Immunotherapies are a type of treatment that uses the cells of the body’s own immune system to fight cancer. Immunotherapies based on T-cells, such as CAR-T cell therapy or the transfer of tumour-infiltrating lymphocytes, have shown remarkable efficacy against leukaemia, lymphoma and other types of blood cancers. However, with solid tumours, the results are less encouraging so far. One of the main obstacles to successful treatment is T-cell fatigue or exhaustion as, after fighting cancer over long periods of time, these cells lose the ability to eliminate it.
Seeking to resolve this problem, the T-FITNESS project aims to develop synthetic circuits based on small RNA molecules, or microRNAs, capable of modifying the expression of genes that promote T-cell exhaustion.
T-FITNESS is a European project supported by funding of 3,789,472 euros from the European Innovation Council’s Pathfinder Challenge. The multidisciplinary consortium that will implement the project includes academic institutions and companies from five European countries. These members will combine their expertise in T-cell therapy and immunology, synthetic biology, genome editing and bioinformatics. Luca Gattinoni, of the Leibniz Institute of Immunotherapy, is the project coordinator. The participant from IDIBAPS is Sònia Guedan, a researcher in the Hematopoietic progenitor call transplantation group led by Álvaro Urbano-Ispizua.

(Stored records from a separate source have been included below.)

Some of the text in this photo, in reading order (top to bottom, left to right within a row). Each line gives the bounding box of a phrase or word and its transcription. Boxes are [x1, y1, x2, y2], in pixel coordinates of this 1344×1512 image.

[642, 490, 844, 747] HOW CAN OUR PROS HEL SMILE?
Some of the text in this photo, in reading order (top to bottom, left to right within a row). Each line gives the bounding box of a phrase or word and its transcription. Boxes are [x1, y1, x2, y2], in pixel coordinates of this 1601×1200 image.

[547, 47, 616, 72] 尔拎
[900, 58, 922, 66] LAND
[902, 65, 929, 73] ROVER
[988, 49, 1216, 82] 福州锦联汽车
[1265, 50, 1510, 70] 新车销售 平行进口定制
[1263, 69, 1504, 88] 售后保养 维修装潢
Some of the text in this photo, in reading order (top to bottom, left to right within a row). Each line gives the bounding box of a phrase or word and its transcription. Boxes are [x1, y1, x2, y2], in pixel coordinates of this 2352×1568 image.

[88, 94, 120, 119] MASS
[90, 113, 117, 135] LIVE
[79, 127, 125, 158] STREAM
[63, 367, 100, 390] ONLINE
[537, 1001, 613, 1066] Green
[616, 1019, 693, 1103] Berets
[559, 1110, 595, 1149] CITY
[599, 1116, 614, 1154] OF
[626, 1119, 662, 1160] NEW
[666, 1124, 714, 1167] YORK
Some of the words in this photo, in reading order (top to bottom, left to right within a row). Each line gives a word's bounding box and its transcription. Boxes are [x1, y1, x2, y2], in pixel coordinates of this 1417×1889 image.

Guedan is an expert in the development of CAR-T cell therapies and in the study of cellular exhaustion. With her team, she will seek to identify the genes and microRNAs that regulate this phenomenon, using the information generated to develop, in cooperation with the other T-FITNESS consortium members, new therapies that are resistant to T-cell fatigue or exhaustion.
The other partner organisations are: the French National Centre for Scientific Research, the Italian Institute of Technology Foundation, the Swiss Federal Institute of Technology of Zurich and two companies, MILTENYI Biotec and Innovation Acta.